Public IP over VPN and security
-
pfSense is active in a site where the only connection is with LTE connection.
Unfortunately, the assigned IP is only private and therefore even with DDNS we are unable to reach the devices and servers in the DMZ.We therefore tried a different route, activating a VPN with those who are able to assign us a public and even Static IP.
Now with OpenVPN we have this IP address, but we are asking ourselves serious security doubts.We have active protections on the WAN, and none on the VPN because usually on the other end of a VPN there is a known device or PC. In this case, no.
If I register this IP on the DNS by associating it with a domain, then by calling the URL I can reach the Apache server in DMZ.
But by doing that, anyone can get in from that VPN, right?So, while waiting to find our public IP, three solutions come to mind.
- Activate all the rules present on the WAN also on the VPN.
- Find a Category 6 LTE router that is capable of activating an OpenVPN client.
- Activate another pfSense firewall to be placed between an "all open" router and the current pfSense. In this case I open the VPN on the first router and the current one would filter everything over the WAN as it already is.
With option 1 I would have only one firewall but with all the duplicate rules it seems a bit complicated to me.
Options 2 and 3 move the VPN upstream of the firewall which is left with only one configuration.
Option 3 could be accomplished by virtualizing the two firewalls.
The first has a real NIC, connected to the router, and a virtual NIC. The second has a virtual NIC, connected to the virtual one of the first firewall, and two real NICs for LAN and DMZ.
I would assign 30% memory to the first firewall and 70% to the second. There are at most half a dozen LAN users.What is your opinion?
-
You overthink this a bit.
After adding the OpenVPN Client Instance as Interface, Firewall Rules apply like for any other Interface.
With no Rules added, any traffic entering this Interface (VPN tunnel) is blocked.

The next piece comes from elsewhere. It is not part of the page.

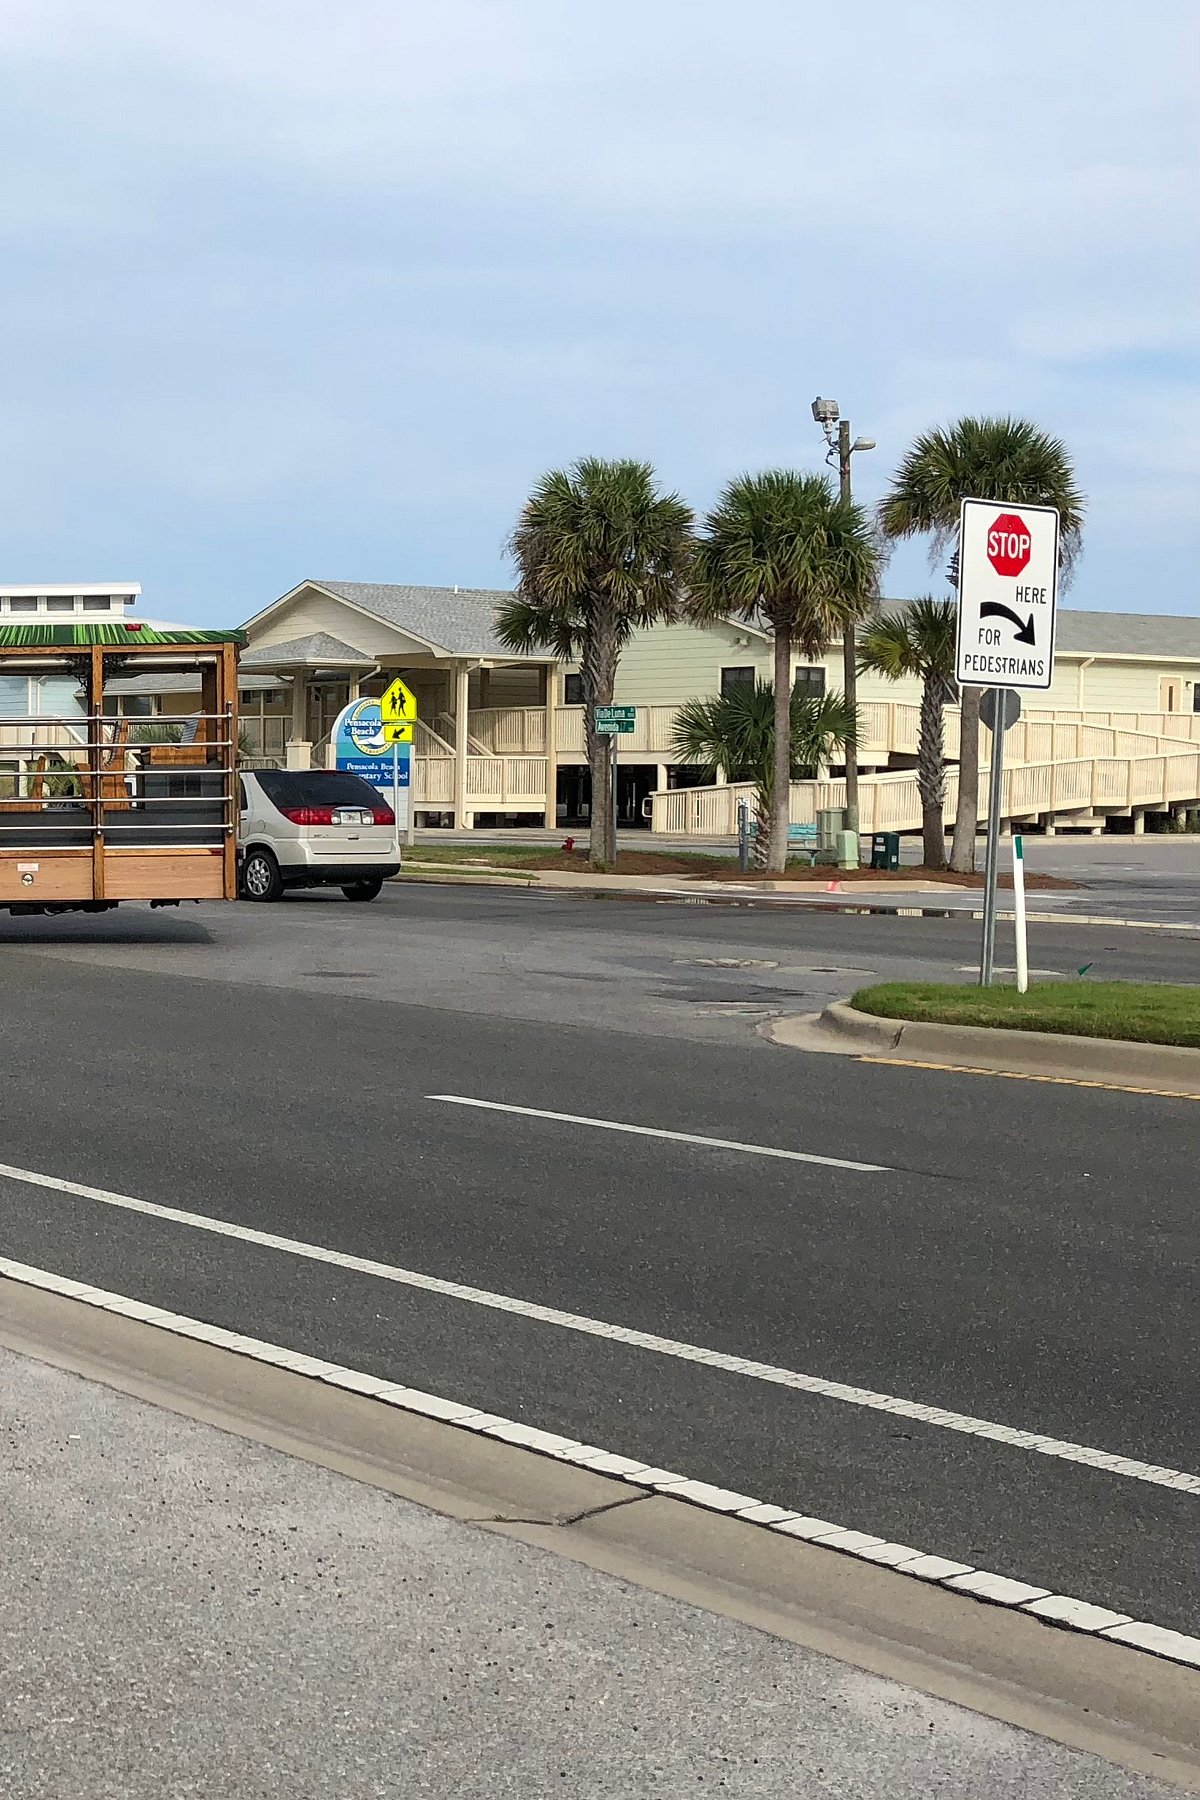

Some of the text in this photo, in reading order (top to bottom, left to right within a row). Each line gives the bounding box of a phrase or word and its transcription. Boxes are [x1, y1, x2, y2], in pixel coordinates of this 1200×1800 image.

If you want to allow incoming traffic, add Rule(s). If you want to Port Forward/NAT, add Port Forwards.EDIT: By the way, there is a great OpenVPN as a WAN hangout by jimp /Netgate here: https://www.youtube.com/watch?v=lp3mtR4j3Lw
-Rico
-
@whitetiger-it said in Public IP over VPN and security:
pfSense is active in a site where the only connection is with LTE connection.
Doesn't it support IPv6? I thought IPv6 was pretty much mandatory on LTE. My carrier provides it on both my cell phone and cable modem. In fact, for IPv4 sites, the phone uses 464XLAT over IPv6. Even the local phone company here, which doesn't provide IPv6 over ADSL, does on their cell network.
-
@jknott said in Public IP over VPN and security:
Doesn't it support IPv6? I thought IPv6 was pretty much mandatory on LTE. My carrier provides it on both my cell phone and cable modem. In fact, for IPv4 sites, the phone uses 464XLAT over IPv6. Even the local phone company here, which doesn't provide IPv6 over ADSL, does on their cell network.
I believe you are referring to IP6 encryption, but I don't understand what it has to do with my problem.
I enable OpenVPN not so much for a security issue as for the fact that it is the only method found to have a public IP over LTE.
After that, having to make this IP public, I am afraid that it can be used to enter my network even by those who do not have an OpenVPN client authorized by me. -
No, I'm referring to IPv6, which is supposed to replace IPv4, as a way to get past double NAT. With it, there's no need for NAT, so every device can have a public address and you'll get at least 18.4 billion, billion addresses from your ISP. The 4G cell network is supposed to provide IPv6, so it should be available with your LTE connection. Another way to get IPv6 is through a tunnel, such as available from he.net. Once you have IPv6, you can worry about the other end and go from there.
BTW, I've been running IPv6 on my network for almost 11 years.
-
@jknott
I have asked my provider for IP6, but it seems there are problems granting it. We'll see. -
You don't need your isp to use IPv6.. As mentioned already just get a free tunnel from HE.
Its FREE, and you can get a /48 from them..
https://www.tunnelbroker.net/
Takes all of a few minutes to setup with pfsense.